Strings & arrays – continued

A quick look back and a question

A few weeks ago, I wrote this article about using a text variable as an array, either an array of strings or an array of numbers, using the covx conversion function in addition for the latter, to extract single elements with the help of the spstr function. It’s a convenient and almost a “one fits all” solution for most use cases and many of the demo projects or the sample code attached to the Nextion Sunday Blog articles made use of it, sometimes even without mentioning it explicitly since it’s almost self-explaining.

Then, I got a message from a reader, writing: “… Why then didn’t you use it for the combined sine / cosine lookup table in the flicker free turbo gauge project?”

The answer and deeper insight

The aforementioned convenience has its price. To understand this, we have to think the same way as the integrated MCU of our Nextion HMI does. Although internals of the firmware are closed source, we may admit that the implementation of the spstr function in the Nextion firmware is close to similar implementations in other languages. Let’s thus look to one of these pseudo array strings. The array elements are all concatenated with a separator character s in-between. Typically, one uses a character which doesn’t appear in the text or numeric elements, like the semicolon ; or the vertical bar | while others like the comma , can lead to problems in these European countries where it’s used as a decimal separator. Thus, better don’t use commas. Our example string might look like that:

element0;element1;element2;element3;element4;

which is the known CSV format. Now, if we want the spstr function to retrieve the element with the index 3, what does the internal MCU of the Nextion do? It will loop through each character of the string and compare it to the separator character. To find the beginning of the nth (in our example 3rd) element, it must locate the nth appearance of the separator and remind its position p in a variable (let’s call it b like “beginning”), then move on until the (n+1)th appearance of the separator, and save it in a variable (e like “end”). Then, it has to copy all characters from position b + 1 to e – 1 into the target variable since we don’t want to have the separators included.

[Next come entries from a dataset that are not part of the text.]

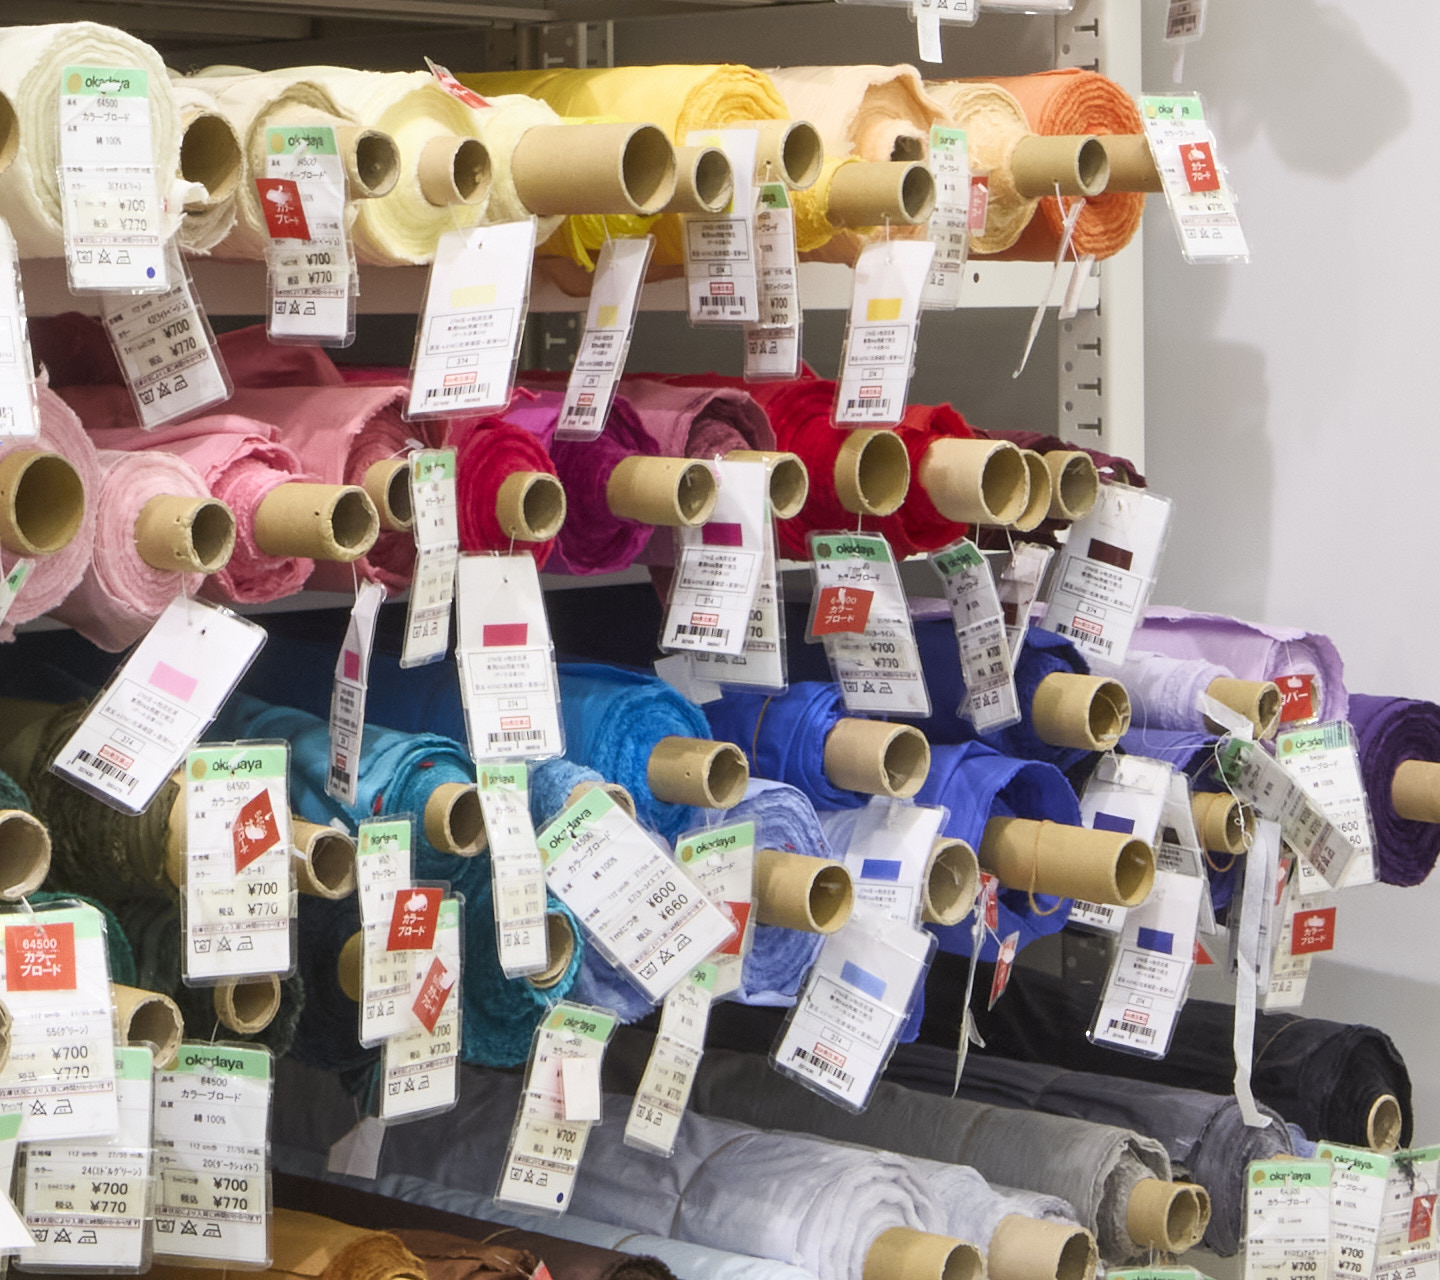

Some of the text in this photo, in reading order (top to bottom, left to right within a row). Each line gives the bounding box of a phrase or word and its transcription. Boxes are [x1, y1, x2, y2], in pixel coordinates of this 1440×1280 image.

[306, 252, 331, 266] ¥700
[308, 271, 333, 284] ¥770
[871, 642, 895, 654] ¥700
[874, 657, 899, 669] ¥770
[646, 881, 676, 909] ¥600
[658, 893, 689, 921] ¥660
[1291, 1262, 1317, 1271] ¥700
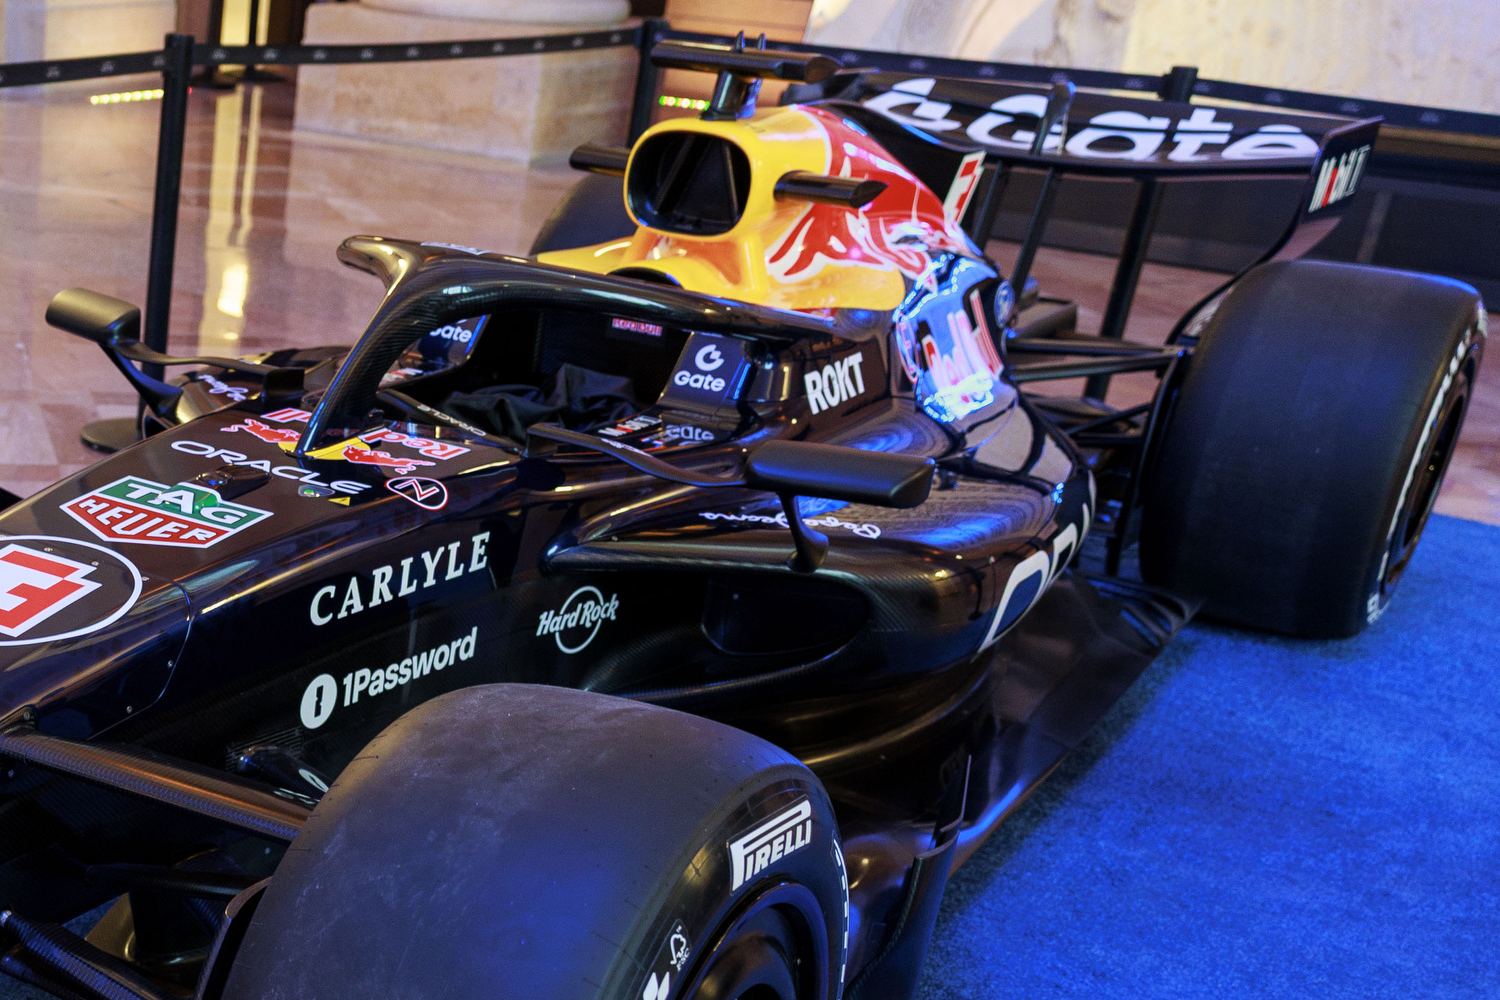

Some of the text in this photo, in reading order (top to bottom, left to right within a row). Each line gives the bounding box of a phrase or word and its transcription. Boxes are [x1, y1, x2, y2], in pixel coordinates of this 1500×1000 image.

[966, 93, 1319, 162] Gate
[674, 370, 726, 392] Gate
[804, 351, 865, 415] ROKT
[171, 440, 373, 495] ORACLE
[358, 428, 471, 460] Red
[78, 498, 219, 542] HEUER
[124, 482, 249, 526] TAG
[309, 531, 490, 627] CARLYLE
[536, 593, 620, 637] Hard Rock
[343, 626, 478, 708] 1Password
[729, 799, 812, 891] PIRELLI
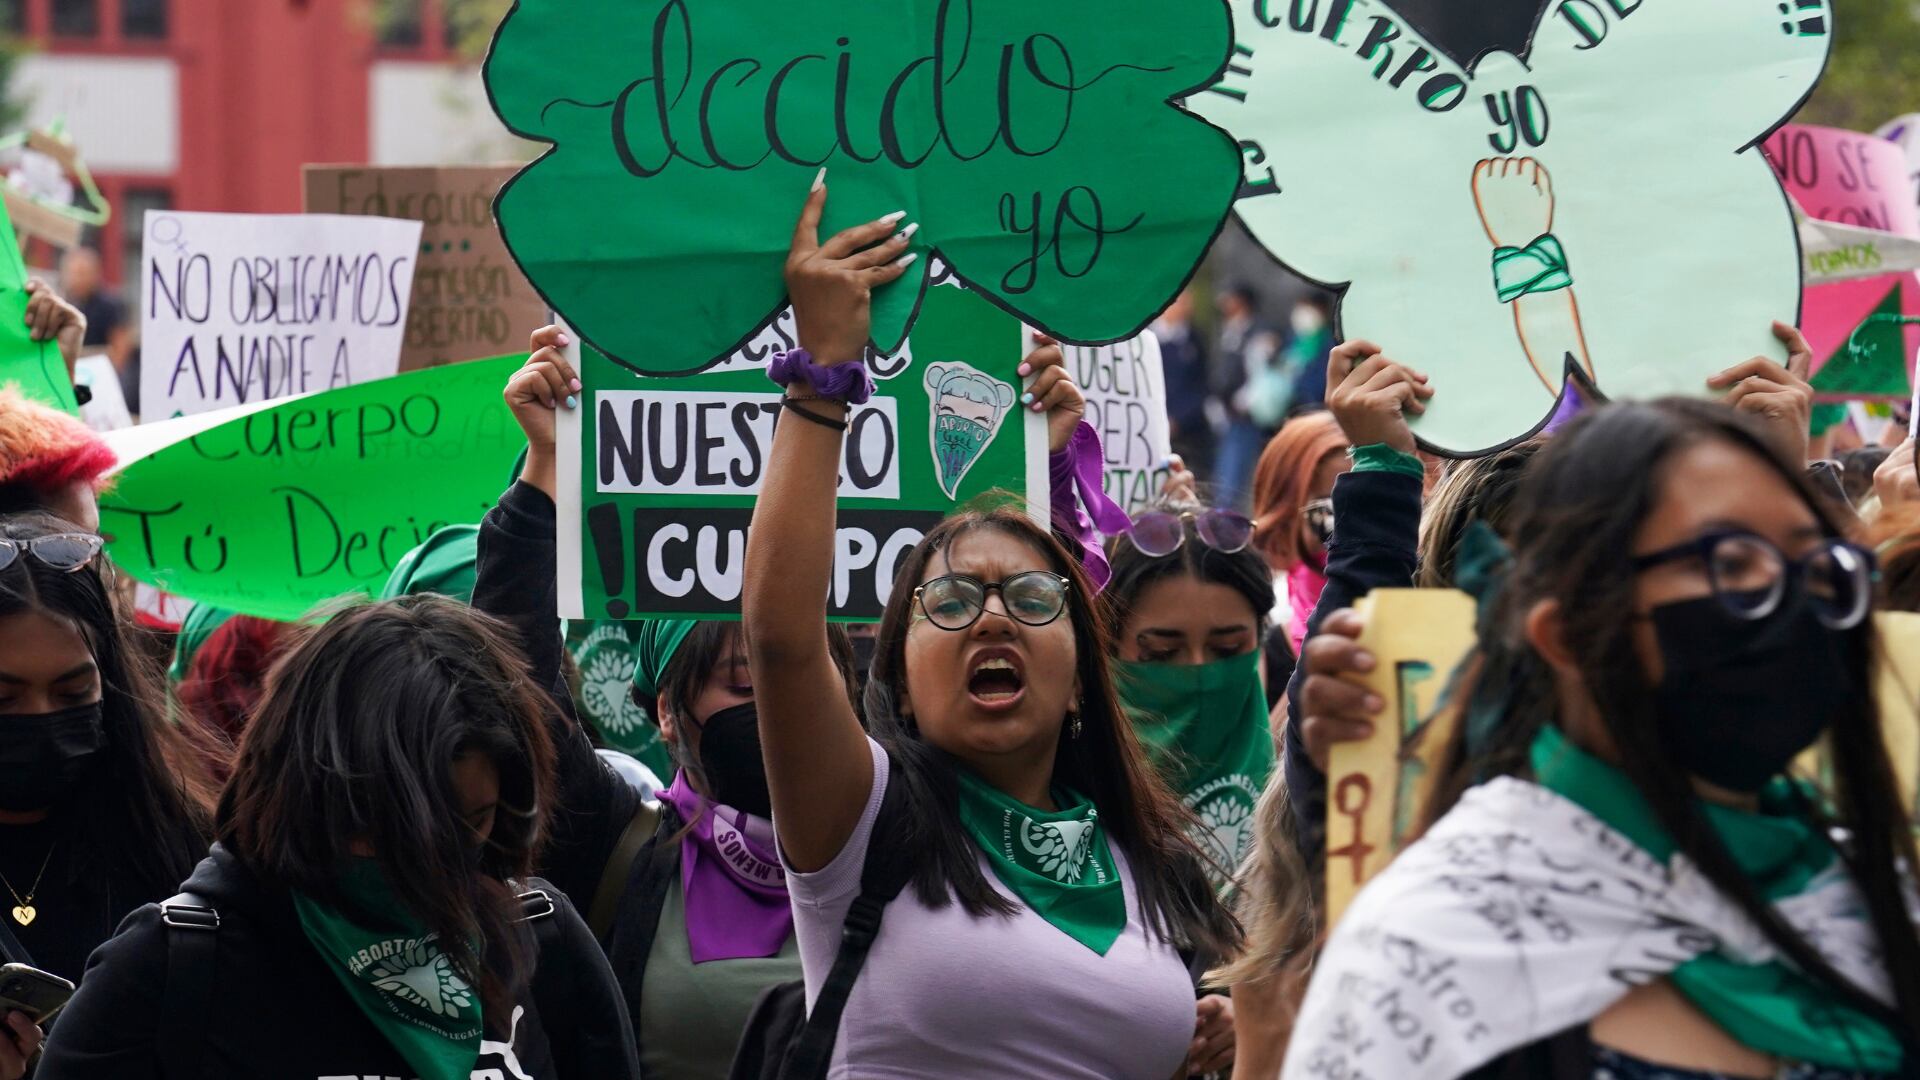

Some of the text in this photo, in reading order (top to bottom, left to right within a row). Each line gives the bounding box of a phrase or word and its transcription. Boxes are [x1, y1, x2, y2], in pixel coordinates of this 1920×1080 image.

Until it knows the value of b, 27 loop runs with compares have to be executed in our example to retrieve the element with index 3, and even 36 until e will be known. Thus, the price we pay is lower speed. The higher the array index to retrieve, the more time is required by spstr to locate and retrieve the element. What we get in exchange is the convenience that our pseudo array may contain elements of arbitrary length and we’ll get always a correct result.

Ok, searching for the separators is time and memory consuming, are there alternatives ?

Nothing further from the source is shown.